The Critical Care Research Group (CCRG), based at the The Prince Charles Hospital (TPCH) in Brisbane, Australia, is seeking highly motivated, skilled and committed PhD candidates to join our multidisciplinary and international research team to commence a PhD project.

The project will be primarily based within the Innovative Cardiovascular Engineering and Technology Laboratory (ICETLAB); the biomedical engineering arm of the CCRG at The Prince Charles Hospital.

BACKGROUND
Extracorporeal membrane oxygenation (ECMO) is a life-saving treatment used to provide temporary cardiopulmonary support. It can be used in a veno-venous (VV) configuration for respiratory failure, providing time for lung recovery or in a veno-arterial (VA) configuration, where support is necessary for patients whose hearts are not adequately supporting their circulation. In patients suffering from differential hypoxia, heart function recovers however pulmonary function is still weak and thus the heart will pump out more or less deoxygenated blood. Depending on the mixing zones of oxygenated and deoxygenated blood, this may cause brain injury due to hypoxic blood supplying the brain.

AIM
The present research project aims to utilise computational fluid dynamics (CFD) modelling to assess mixing zones in ECMO circuits and their effect on brain injury.
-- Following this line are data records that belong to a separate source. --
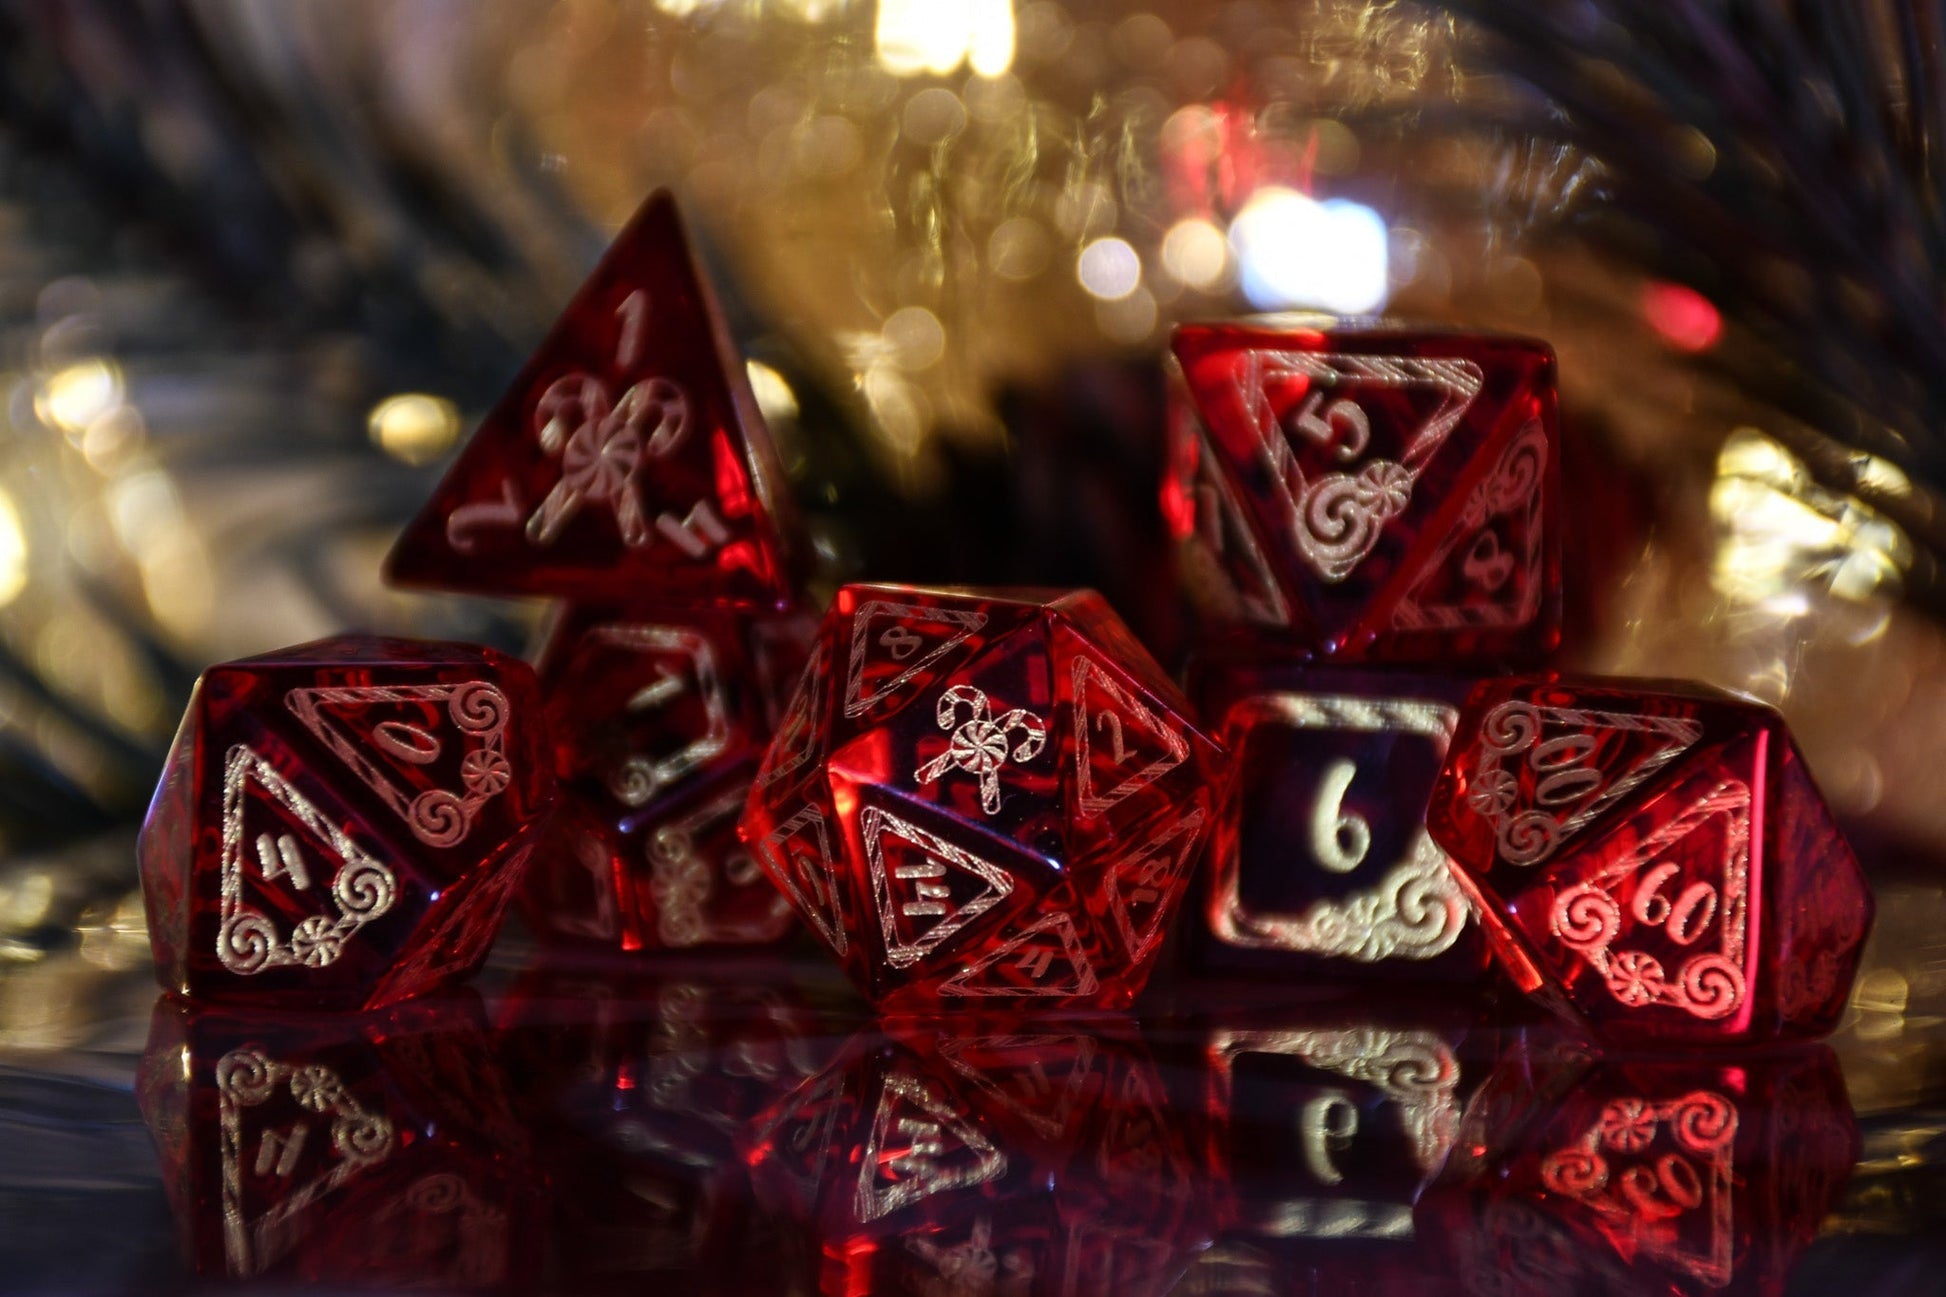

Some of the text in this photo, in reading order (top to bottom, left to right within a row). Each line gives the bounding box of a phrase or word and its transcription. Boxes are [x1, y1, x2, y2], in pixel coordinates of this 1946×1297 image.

[614, 288, 648, 370] 1
[1292, 389, 1371, 463] 5
[1463, 527, 1516, 592] 8
[878, 625, 923, 659] 8
[372, 720, 441, 764] 0
[1095, 709, 1138, 766] 2
[1528, 733, 1604, 806] 00
[1312, 756, 1372, 874] 6
[255, 831, 311, 891] 4
[894, 857, 950, 916] 14
[1631, 860, 1718, 945] 60
[1015, 949, 1054, 978] 4
Especially the effect of introducing pulsatility to the ECMO circuits and the subsequent effect on mixing zones will be investigated.

SPECIFIC TASKS
- Development of a suitable CFD model of a pulsatile ECMO circuit.
- CFD model validation through particle image velocimetry (PIV) and ex-vivo ECMO circuits.
- Evaluation of the effect of pulsatility on mixing zones and subsequent brain injury potential.
- Validation of finding in large animal models.

SIGNIFICANCE
The present research project will result in an improved understanding of differential hypoxia and effect of mixing zones on brain injury. Furthermore, this research will support projects towards improving ECMO technology for improved patient outcomes.

RESEARCH ENVIRONMENT
The CCRG is the largest acute care multi-disciplinary research group of its kind in Australia. It is a collaborative group of multi-disciplinary researchers committed to finding world-first innovative solutions that will lead to healthier living, improved quality of life, fewer hospitalisations and more efficient clinical treatment. Our team of researchers includes physicians, surgeons, intensivists, nurses, scientists and engineers, as well as an array of university Honours, Masters and PhD candidates.

The PhD candidate will be based in the ICETLAB, which is located within TPCH (Australia’s largest cardiac hospital) and only a two minute walk to the operating theatres and intensive care units where clinical and patient feedback can be obtained, and only a five minute walk from Queensland University of Technology’s (QUT’s) Medical Engineering and Research Facility (MERF). ICETLAB research projects centre on cardiovascular engineering, with the primary aim of improving outcomes for heart and lung failure patients receiving mechanical circulatory and respiratory support.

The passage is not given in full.